Enamel, signed on the reverse and dated 1783 in gold frame with blue glass reverse, in fitted leather case

Mary was an English upper class socialite and courtesan who mixed in the elevated circles of government and royalty in late 18th century Great Britain. Her home, Norwood House, in Upper Norwood, then Surrey, now South London, became a meeting place for the rich and powerful

Her society career began as an artist's model for Sir Joshua Reynolds in 1764. Through this connection she began her career as a courtesan. Simon Luttrell, nicknamed the King of Hell and later first earl of Carhampton, was possibly her original seducer.
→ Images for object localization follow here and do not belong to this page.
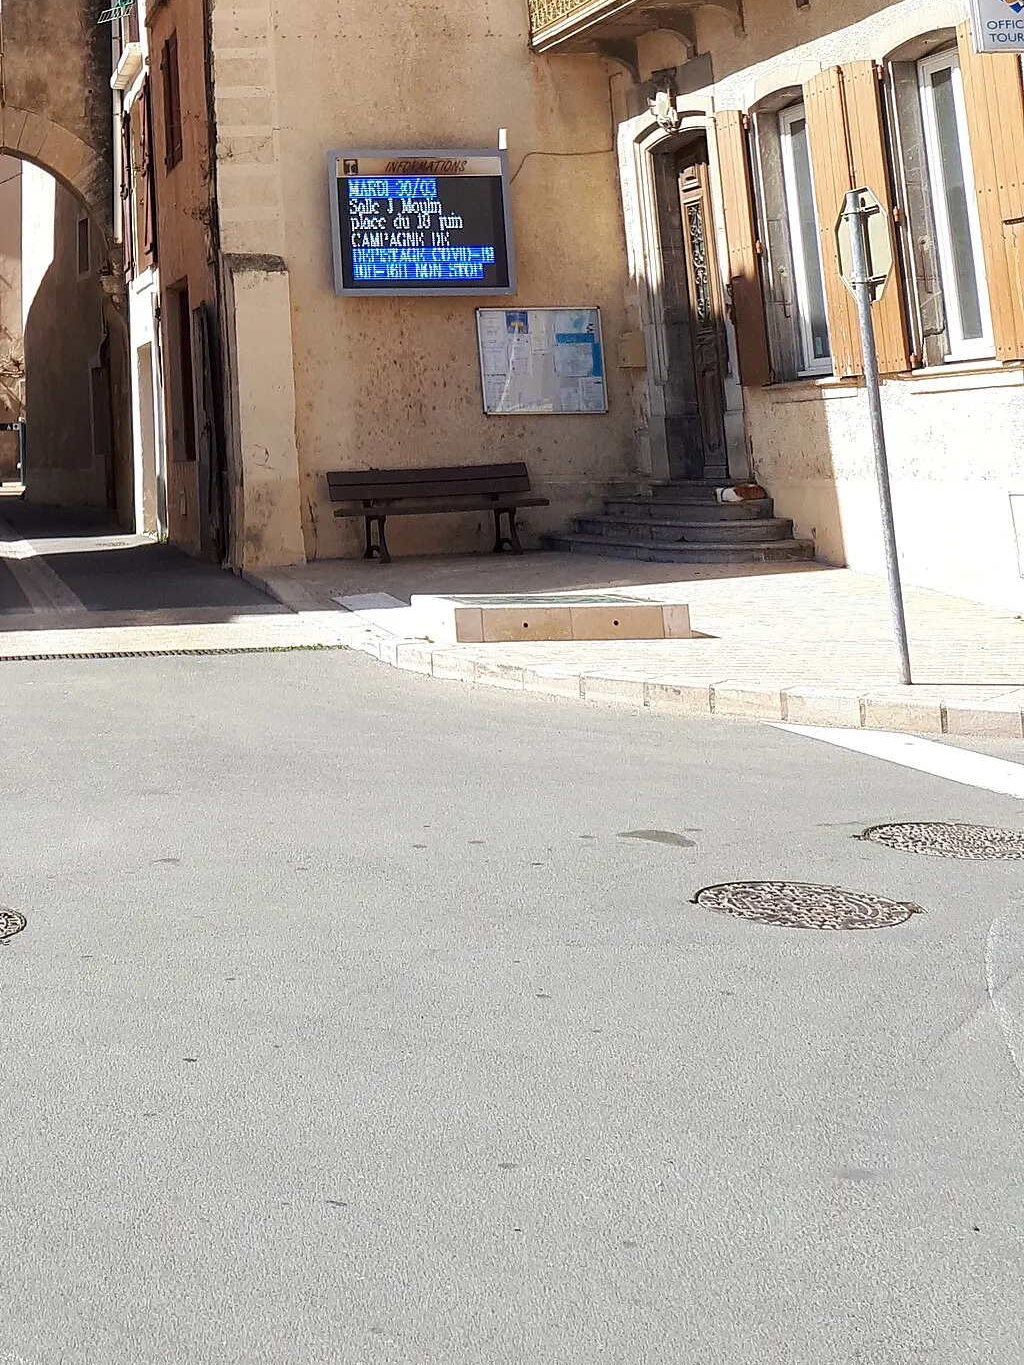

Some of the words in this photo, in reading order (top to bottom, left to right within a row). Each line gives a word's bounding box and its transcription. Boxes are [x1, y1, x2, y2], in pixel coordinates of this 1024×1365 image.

[385, 160, 468, 173] INFORMATIONS
[348, 179, 390, 196] MARDI
[396, 178, 437, 197] 30/03
[349, 198, 380, 214] Salle
[387, 198, 394, 214] J
[402, 198, 442, 215] Moulin
[350, 214, 386, 231] place
[394, 214, 410, 229] du
[438, 213, 464, 230] juin
[351, 232, 425, 247] CAMPAGNE
[432, 232, 450, 247] DE
[448, 263, 484, 278] STOP
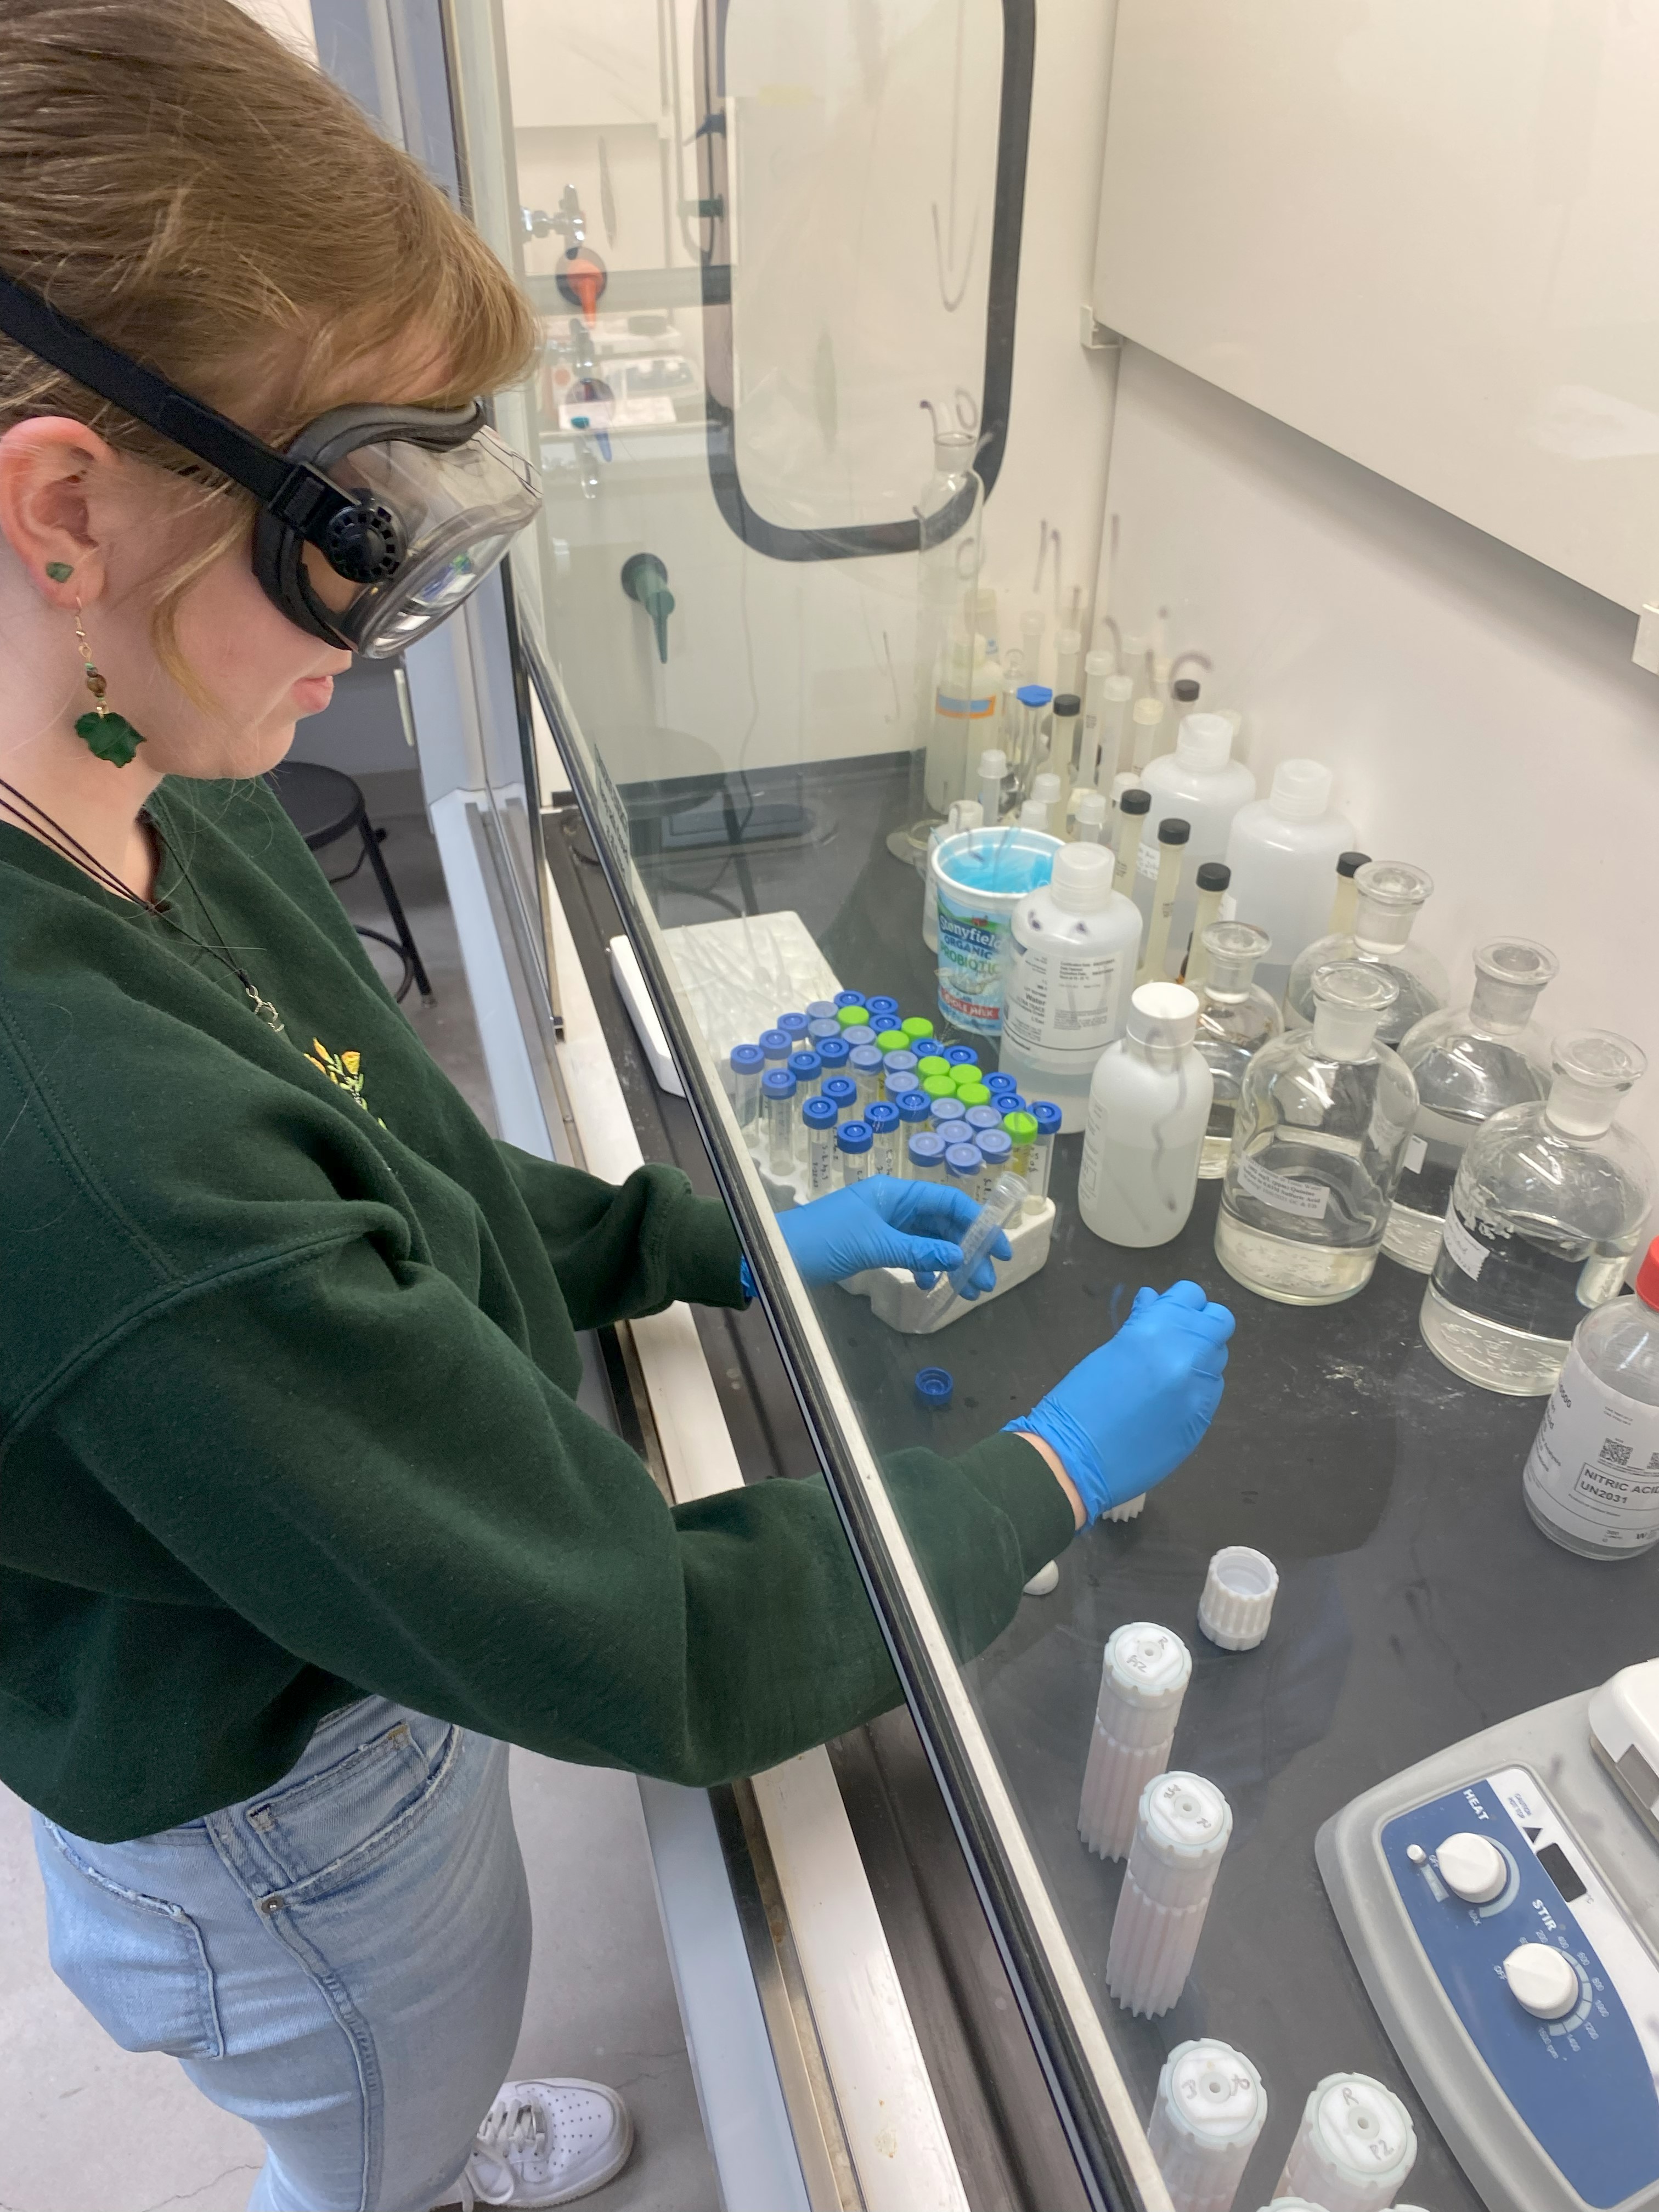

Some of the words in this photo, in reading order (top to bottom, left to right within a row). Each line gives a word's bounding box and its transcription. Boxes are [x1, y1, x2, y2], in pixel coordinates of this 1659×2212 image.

[944, 935, 994, 961] ORGANIC
[1025, 992, 1046, 1006] Water
[1584, 1468, 1629, 1491] NITRIC
[1580, 1481, 1628, 1504] UN2031
[1463, 1788, 1490, 1820] HEAT
[1468, 1909, 1482, 1927] MAX
[1531, 1898, 1558, 1932] STIR
[1536, 1929, 1550, 1944] 200
[1557, 1935, 1570, 1950] 400
[1492, 1965, 1507, 1981] OFF
[1341, 2086, 1359, 2106] R
Through Luttrell she was introduced to Alexander Nesbitt (bap 1730 - d 1772), the youngest of three sons of Thomas Nesbitt, a merchant banker in the City of London. She married Nesbitt, on 25 February 1768.

Around 1771 Mary became the mistress of the Hon. Augustus John Hervey (1724-1779), a naval officer, and second son of Lord Hervey of Ickworth (1696-1743). Hervey became third earl of Bristol in 1775, and Mary and Augustus lived together, apparently faithfully, at Norwood House.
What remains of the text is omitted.